Mags decided to take his message to the streets, and OrangeSprocket developed the wrap design. Bill McGrath, OrangeSprocket’s CEO, said, “Vehicle-wrap designs probably only represent about 2% of our business, but we take the same approach of building brand integrity and awareness with them that we do with other media. A wrap is a billboard on wheels, and it has to have wow factor.”

To create exacting detail for the wood-panel backdrop, Orange-Sprocket visited numerous old barns and wooden structures to render an accurate texture. The company also conducted a photo shoot to accurately depict the popcorn-bearing kettle. After having created pencil sketches, they transformed the raw images into vector art using Photoshop and Illustrator. McGrath noted that creating the colossal image file requiring burning into onto two DVDs.

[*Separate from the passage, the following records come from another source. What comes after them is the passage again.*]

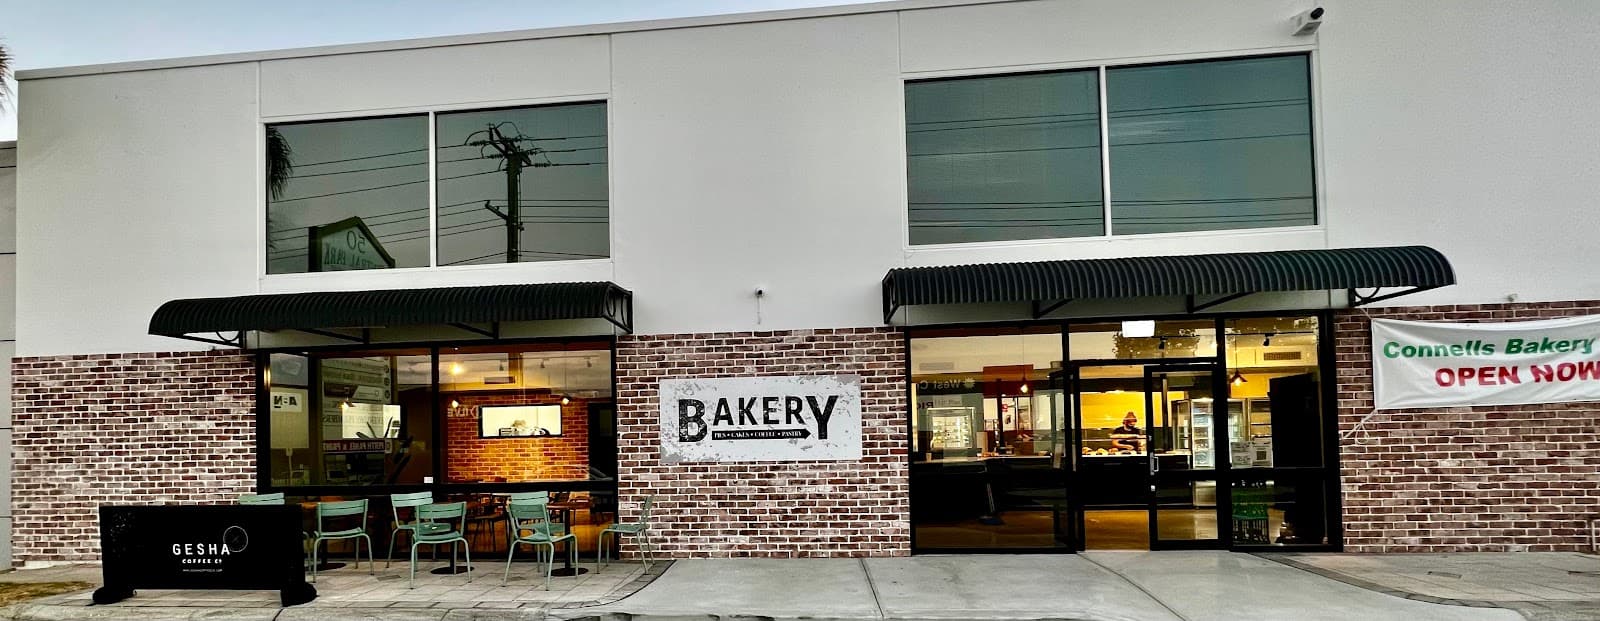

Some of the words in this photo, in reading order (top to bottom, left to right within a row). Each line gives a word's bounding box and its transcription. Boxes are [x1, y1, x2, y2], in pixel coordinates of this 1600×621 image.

[1383, 339, 1496, 359] Connells
[1505, 336, 1596, 355] Bakery
[1435, 365, 1521, 387] OPEN
[1530, 361, 1600, 382] NOW
[678, 395, 839, 442] BAKERY
[754, 430, 776, 438] COFFEE
[172, 543, 230, 555] GESHA

Making the project a family affair, Mags hired his father Robert’s shop, Schultz Signs (High River, AB, Canada), to produce the wrap – his first full wrap in its approximately 30 years of business. Schultz Signs printed the wrap’s 20 panels that decorate the extra-large, Ford E250 cargo van on its Mimaki JV3 at 720 dpi with SS2 solvent inks with 3M’s Controltac vinyl and perforated-window film. To coat the film, the shop used 3M’s 8519 luster-finish overlaminate with a 63-in. Drytac JetMounter laminator.

Robert said coordinating the panels and minimizing seams across the lengthy van required careful maneuvering with 3M Gold nylon squeegees. Showing a talent most end users don’t own, Mags put his childhood, vinyl-application training to work and installed the wrap by himself over 16 hours.